Terms like 'pregnancy yoga', 'pregnancy calendar', 'pregnancy symptom', 'sign of pregnancy', 'pregnancy nutrition' — even 'pregnancy test'.

But if you try 'ectopic pregnancy' (then, not now), government ads (NHS) appeared again.

This strongly suggests to me an internal hand guiding what they'd advertise against rather than taking advice (though I never discount the 'it was just a f*** up' explanation and I fail to understand how a big agency could put their name to it) because those are the sorts of internal list terms which drive eGov — not user-defined terms.

Google is not the only SE. Particular SEs have particular audiences.

The NHS, I notice, was extending to Yahoo on 'pregnancy'. MSN/LiveSearch has a skew towards a female audience.

The reason why all this is of any importance is simply because this is how people find government services. The vast, vast majority online and a rapidly growing majority for Google.

Search is the gatekeeper to Government services online, but in failing to take up Search Marketing with any seriousness government is abandoning citizens to the market for their advice at crucial moments.

This is even more important when — as a result of a wider failure around linking — government advice does not show up automatically or with any consistency at the top of organic results.

Readers with children potentially searching for pregnancy or STDs or sexuality information discreetly online might be interested to see who is actually advising them.

It's not the government.


Addendum: I don't think that the budget considerations or the technical issues involved with budget choices undermine the basic point: this is how people are finding information and where is the government?

With budgets, they need to change. As is rapidly happening with marketing in general, more needs to be spent on search marketing and less on newspaper ads.

The comments about all the issues involved are all right but that doesn't stop others from testing different approaches. You can't do that unless a good SEM can just get on with doing their job without being second-guessed.

The big issues I think are the commercial competition and how to wade in. Thinking about that makes my head spin because it's not just commercial considerations, it's moral and political and lots more.

I don't pretend there's much thought elsewhere going on about this but, at base, how long is the market going to define the terms (literally, if you think of long tail keyphrases!) by which YOUR child finds information? That's what's actually happening.

And it's good that DirectGov + NHS have dabbled. It's a start but it's too slow. Government has to either regulate (Bill Thompson's idea) or engage (or go 'lalala. can't hear you .. ' or shoot-the-messenger).
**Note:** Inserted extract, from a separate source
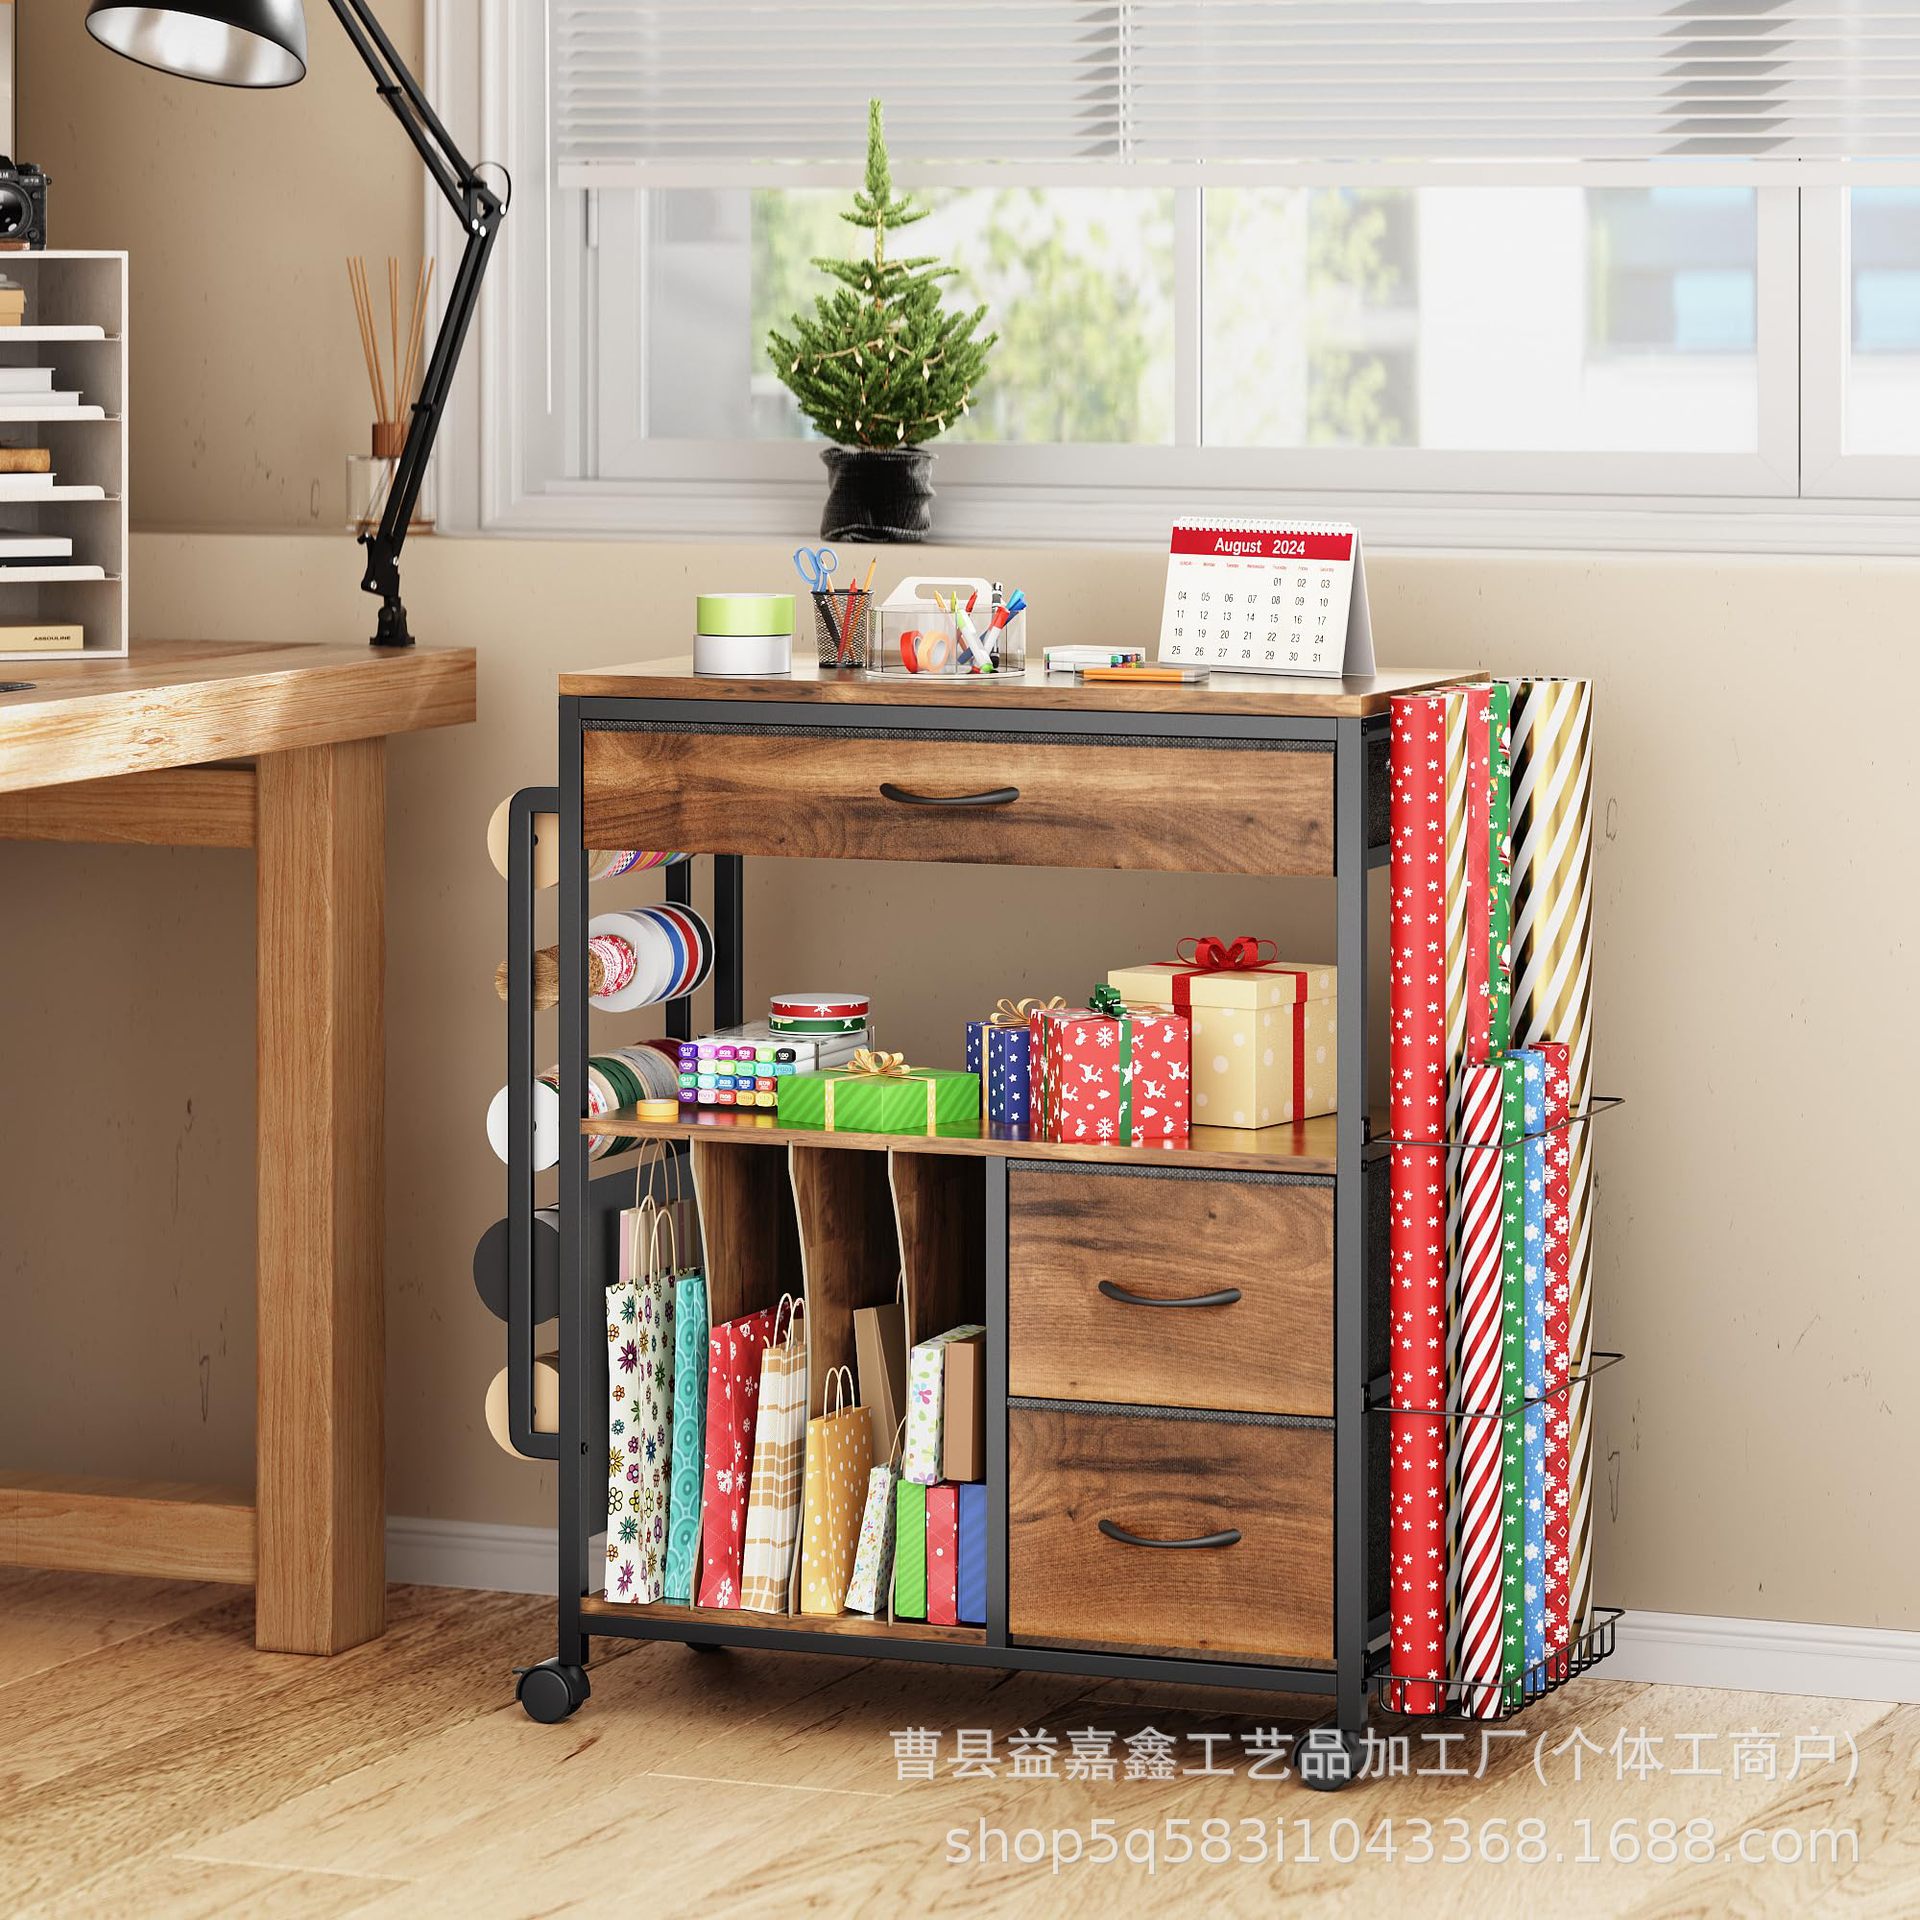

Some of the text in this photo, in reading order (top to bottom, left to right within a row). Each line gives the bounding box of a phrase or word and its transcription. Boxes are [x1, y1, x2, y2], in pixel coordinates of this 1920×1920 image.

With the stuff I found, I think it's telling me that someone who thinks they're important needs to stop pretending they understand Search Marketing and hand the deciding on things like the actual spend, the terms, to someone like the commentator on this post who obviously does do it for a living (and/or fire the agency who don't).

Give the qualified SEM a realistic trial budget and let them PROVE their worth. Then share the findings.